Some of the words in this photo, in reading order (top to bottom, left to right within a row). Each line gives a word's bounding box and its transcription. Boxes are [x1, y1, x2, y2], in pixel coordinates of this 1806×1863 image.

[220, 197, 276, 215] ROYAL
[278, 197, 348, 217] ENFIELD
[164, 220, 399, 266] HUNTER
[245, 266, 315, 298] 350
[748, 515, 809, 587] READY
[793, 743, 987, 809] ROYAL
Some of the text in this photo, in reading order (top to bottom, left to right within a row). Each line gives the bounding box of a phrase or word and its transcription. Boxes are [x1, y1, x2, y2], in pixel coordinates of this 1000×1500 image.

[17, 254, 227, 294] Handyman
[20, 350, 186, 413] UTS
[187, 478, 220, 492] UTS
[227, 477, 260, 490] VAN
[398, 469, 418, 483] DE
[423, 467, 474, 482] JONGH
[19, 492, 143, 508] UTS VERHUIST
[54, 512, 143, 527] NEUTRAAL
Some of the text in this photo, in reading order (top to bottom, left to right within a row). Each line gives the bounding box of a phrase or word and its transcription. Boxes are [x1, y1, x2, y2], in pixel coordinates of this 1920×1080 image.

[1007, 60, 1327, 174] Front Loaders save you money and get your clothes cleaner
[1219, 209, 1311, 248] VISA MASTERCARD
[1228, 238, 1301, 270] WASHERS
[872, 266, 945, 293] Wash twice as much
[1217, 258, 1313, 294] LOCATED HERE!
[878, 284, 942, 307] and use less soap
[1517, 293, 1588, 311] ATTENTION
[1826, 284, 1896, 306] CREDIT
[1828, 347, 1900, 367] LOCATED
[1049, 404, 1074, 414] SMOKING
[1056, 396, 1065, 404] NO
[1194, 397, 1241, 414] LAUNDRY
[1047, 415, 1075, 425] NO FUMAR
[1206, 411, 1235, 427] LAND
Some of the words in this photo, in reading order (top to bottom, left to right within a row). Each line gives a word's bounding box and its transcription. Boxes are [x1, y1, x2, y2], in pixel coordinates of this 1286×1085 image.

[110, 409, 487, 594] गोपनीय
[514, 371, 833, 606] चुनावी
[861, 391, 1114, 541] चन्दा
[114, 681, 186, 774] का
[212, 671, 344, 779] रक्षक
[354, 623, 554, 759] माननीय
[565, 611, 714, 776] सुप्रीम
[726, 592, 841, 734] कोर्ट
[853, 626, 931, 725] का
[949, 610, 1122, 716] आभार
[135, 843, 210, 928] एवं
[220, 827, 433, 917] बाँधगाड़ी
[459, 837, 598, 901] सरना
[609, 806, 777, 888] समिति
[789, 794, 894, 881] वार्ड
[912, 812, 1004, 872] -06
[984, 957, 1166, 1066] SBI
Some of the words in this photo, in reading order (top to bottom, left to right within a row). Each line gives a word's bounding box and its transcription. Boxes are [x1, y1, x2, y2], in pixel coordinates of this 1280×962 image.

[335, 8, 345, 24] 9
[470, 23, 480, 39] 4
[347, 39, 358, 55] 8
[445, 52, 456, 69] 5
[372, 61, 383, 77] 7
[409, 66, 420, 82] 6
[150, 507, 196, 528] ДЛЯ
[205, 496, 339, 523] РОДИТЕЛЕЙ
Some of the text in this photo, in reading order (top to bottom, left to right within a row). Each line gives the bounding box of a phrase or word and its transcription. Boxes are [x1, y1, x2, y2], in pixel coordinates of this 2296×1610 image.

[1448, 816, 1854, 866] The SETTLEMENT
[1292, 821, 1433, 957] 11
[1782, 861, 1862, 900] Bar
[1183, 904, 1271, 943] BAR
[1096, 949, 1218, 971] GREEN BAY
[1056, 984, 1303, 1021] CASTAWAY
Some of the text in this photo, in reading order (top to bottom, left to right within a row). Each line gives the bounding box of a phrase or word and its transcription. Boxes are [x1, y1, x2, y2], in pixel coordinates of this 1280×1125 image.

TASK TO COMPLETE
An exact written copy of every entry is the required answer.

REPLY
Some of the words in this photo, in reading order (top to bottom, left to right within a row). Each line gives a word's bounding box and its transcription. Boxes are [x1, y1, x2, y2], in pixel coordinates of this 1806×1863 image.

[220, 197, 276, 215] ROYAL
[278, 197, 348, 217] ENFIELD
[164, 220, 399, 266] HUNTER
[245, 266, 315, 298] 350
[748, 515, 809, 587] READY
[793, 743, 987, 809] ROYAL
Some of the text in this photo, in reading order (top to bottom, left to right within a row). Each line gives the bounding box of a phrase or word and its transcription. Boxes are [x1, y1, x2, y2], in pixel coordinates of this 1000×1500 image.

[17, 254, 227, 294] Handyman
[20, 350, 186, 413] UTS
[187, 478, 220, 492] UTS
[227, 477, 260, 490] VAN
[398, 469, 418, 483] DE
[423, 467, 474, 482] JONGH
[19, 492, 143, 508] UTS VERHUIST
[54, 512, 143, 527] NEUTRAAL
Some of the text in this photo, in reading order (top to bottom, left to right within a row). Each line gives the bounding box of a phrase or word and its transcription. Boxes are [x1, y1, x2, y2], in pixel coordinates of this 1920×1080 image.

[1007, 60, 1327, 174] Front Loaders save you money and get your clothes cleaner
[1219, 209, 1311, 248] VISA MASTERCARD
[1228, 238, 1301, 270] WASHERS
[872, 266, 945, 293] Wash twice as much
[1217, 258, 1313, 294] LOCATED HERE!
[878, 284, 942, 307] and use less soap
[1517, 293, 1588, 311] ATTENTION
[1826, 284, 1896, 306] CREDIT
[1828, 347, 1900, 367] LOCATED
[1049, 404, 1074, 414] SMOKING
[1056, 396, 1065, 404] NO
[1194, 397, 1241, 414] LAUNDRY
[1047, 415, 1075, 425] NO FUMAR
[1206, 411, 1235, 427] LAND
Some of the words in this photo, in reading order (top to bottom, left to right within a row). Each line gives a word's bounding box and its transcription. Boxes are [x1, y1, x2, y2], in pixel coordinates of this 1286×1085 image.

[110, 409, 487, 594] गोपनीय
[514, 371, 833, 606] चुनावी
[861, 391, 1114, 541] चन्दा
[114, 681, 186, 774] का
[212, 671, 344, 779] रक्षक
[354, 623, 554, 759] माननीय
[565, 611, 714, 776] सुप्रीम
[726, 592, 841, 734] कोर्ट
[853, 626, 931, 725] का
[949, 610, 1122, 716] आभार
[135, 843, 210, 928] एवं
[220, 827, 433, 917] बाँधगाड़ी
[459, 837, 598, 901] सरना
[609, 806, 777, 888] समिति
[789, 794, 894, 881] वार्ड
[912, 812, 1004, 872] -06
[984, 957, 1166, 1066] SBI
Some of the words in this photo, in reading order (top to bottom, left to right within a row). Each line gives a word's bounding box and its transcription. Boxes are [x1, y1, x2, y2], in pixel coordinates of this 1280×962 image.

[335, 8, 345, 24] 9
[470, 23, 480, 39] 4
[347, 39, 358, 55] 8
[445, 52, 456, 69] 5
[372, 61, 383, 77] 7
[409, 66, 420, 82] 6
[150, 507, 196, 528] ДЛЯ
[205, 496, 339, 523] РОДИТЕЛЕЙ
Some of the text in this photo, in reading order (top to bottom, left to right within a row). Each line gives the bounding box of a phrase or word and its transcription. Boxes are [x1, y1, x2, y2], in pixel coordinates of this 2296×1610 image.

[1448, 816, 1854, 866] The SETTLEMENT
[1292, 821, 1433, 957] 11
[1782, 861, 1862, 900] Bar
[1183, 904, 1271, 943] BAR
[1096, 949, 1218, 971] GREEN BAY
[1056, 984, 1303, 1021] CASTAWAY
Some of the text in this photo, in reading order (top to bottom, left to right within a row). Each line gives the bounding box of a phrase or word and its transcription. Boxes are [x1, y1, x2, y2], in pixel coordinates of this 1280×1125 image.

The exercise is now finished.